2.4    Paragraph 6A(4) is amended and restated, as follows:
6A(4).    Unencumbered Income Producing Assets Value to Unsecured Debt. (A) The ratio of Unencumbered Income Producing Assets Value to Unsecured Debt (excluding, during the Covenant Relief Period only, any Unsecured Debt incurred to consummate the Kaneohe Ranch Acquisition) at any time to be less than 1.75 to 1.00; or (B) during the Covenant Relief Period only, the ratio of Unencumbered Income Producing Assets Value to Unsecured Debt (including for purposes of this clause (B) all Unsecured Debt) at any time to be less than 1.40 to 1.00.”
2.5    The final paragraph of paragraph 6A (immediately preceding paragraph 6B) is amended and restated, as follows:
“Subject to the provisions of the last paragraph of each of the definitions of “Total Adjusted Asset Value” and “Unencumbered Income Producing Assets Value” herein, for purposes of all calculations made under the financial covenants set forth in paragraph 6A(2) through and including paragraph 6A(6) for an applicable period, (i) if during such period Holdings, the Company or any other Subsidiary shall have consummated an acquisition of a Significant Subsidiary or a Significant Line of Business, (x) Adjusted EBITDA for such period shall be calculated after giving pro-forma effect thereto as if such transaction occurred on the first day of such period; provided, that if the aggregate purchase price for any such acquisition is greater than or equal to $25,000,000, Adjusted EBITDA shall only be calculated on a pro-forma basis to the extent such pro-forma calculations are based on audited financial statements or other financial statements reasonably satisfactory to the Required Holders and (y) any Debt incurred or assumed by any Credit Party or Subsidiary (including the Person or property acquired) in connection with such transaction and any Debt of the Person or property acquired which is not retired in connection with such transaction (1) shall be deemed to have been incurred as of the last day of the previous period and (2) if such Debt has a floating or formula rate, shall have an implied rate of interest for the applicable period for purposes of this paragraph determined by utilizing the rate which is or would be in effect with respect to such Debt as at the relevant date of determination, and (ii) if during such period Holdings, the Company or any other Subsidiary shall have consummated a disposition of all or substantially all of the assets of Holdings, the Company or any other Subsidiary or of a majority of the equity interests of a Subsidiary or of a Significant Line of Business, (x) Adjusted EBITDA for such period shall be calculated after giving pro-forma effect thereto as if such transaction occurred on the last day of the previous period and (y) any Debt which is retired in connection with such transaction shall be excluded and deemed to have been retired as of the last day of the previous period.”
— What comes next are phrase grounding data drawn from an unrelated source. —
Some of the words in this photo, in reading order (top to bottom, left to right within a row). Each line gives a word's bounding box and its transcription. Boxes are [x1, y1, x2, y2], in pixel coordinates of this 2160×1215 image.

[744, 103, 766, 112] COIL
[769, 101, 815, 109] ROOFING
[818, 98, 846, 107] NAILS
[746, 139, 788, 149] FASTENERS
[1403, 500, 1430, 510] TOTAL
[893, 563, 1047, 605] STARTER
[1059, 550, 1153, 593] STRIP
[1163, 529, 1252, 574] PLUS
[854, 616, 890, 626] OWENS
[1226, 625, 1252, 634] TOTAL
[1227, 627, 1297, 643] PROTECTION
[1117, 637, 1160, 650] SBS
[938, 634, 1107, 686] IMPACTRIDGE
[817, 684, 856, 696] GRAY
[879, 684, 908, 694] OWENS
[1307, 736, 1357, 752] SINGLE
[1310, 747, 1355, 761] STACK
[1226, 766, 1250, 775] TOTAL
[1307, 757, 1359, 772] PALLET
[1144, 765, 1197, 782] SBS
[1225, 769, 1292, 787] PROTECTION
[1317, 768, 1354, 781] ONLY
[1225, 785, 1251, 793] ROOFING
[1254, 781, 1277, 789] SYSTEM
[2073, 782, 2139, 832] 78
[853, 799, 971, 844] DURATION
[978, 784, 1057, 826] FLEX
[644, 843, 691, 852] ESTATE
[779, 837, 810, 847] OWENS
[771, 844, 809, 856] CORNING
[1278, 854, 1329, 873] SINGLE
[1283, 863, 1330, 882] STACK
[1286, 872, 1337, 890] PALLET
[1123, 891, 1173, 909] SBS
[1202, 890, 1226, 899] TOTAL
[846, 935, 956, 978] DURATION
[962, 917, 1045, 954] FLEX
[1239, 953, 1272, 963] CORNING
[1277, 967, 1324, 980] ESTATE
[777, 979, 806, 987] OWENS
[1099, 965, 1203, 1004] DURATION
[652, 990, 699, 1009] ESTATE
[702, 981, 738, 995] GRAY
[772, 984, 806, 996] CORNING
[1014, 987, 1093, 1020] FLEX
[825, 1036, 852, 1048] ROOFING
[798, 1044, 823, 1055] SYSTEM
2.6    Paragraph 10B is amended to insert the following new definitions in their proper alphabetical order or to amend and restate the following existing definitions, as applicable, as follows:
““Adjusted EBITDA” means Consolidated Net Income Before Taxes for the period of four consecutive fiscal quarters ended on any date of determination plus, to the extent deducted in the calculation thereof, Consolidated Interest Expense, depreciation and amortization, non-cash stock-based compensation expense, non-cash pension, non-cash postretirement and non-cash nonqualified expenses, and one-time expenses in connection with the acquisition of Grace Pacific LLC and its Subsidiaries and the Kaneohe Ranch assets incurred during the fiscal year ended December 31, 2013 in an aggregate amount not to exceed $8,000,000; provided that Adjusted EBITDA shall exclude non-cash gains or losses resulting from the write-up or write-down of assets.
Amendment Effective Date” means December 18, 2013.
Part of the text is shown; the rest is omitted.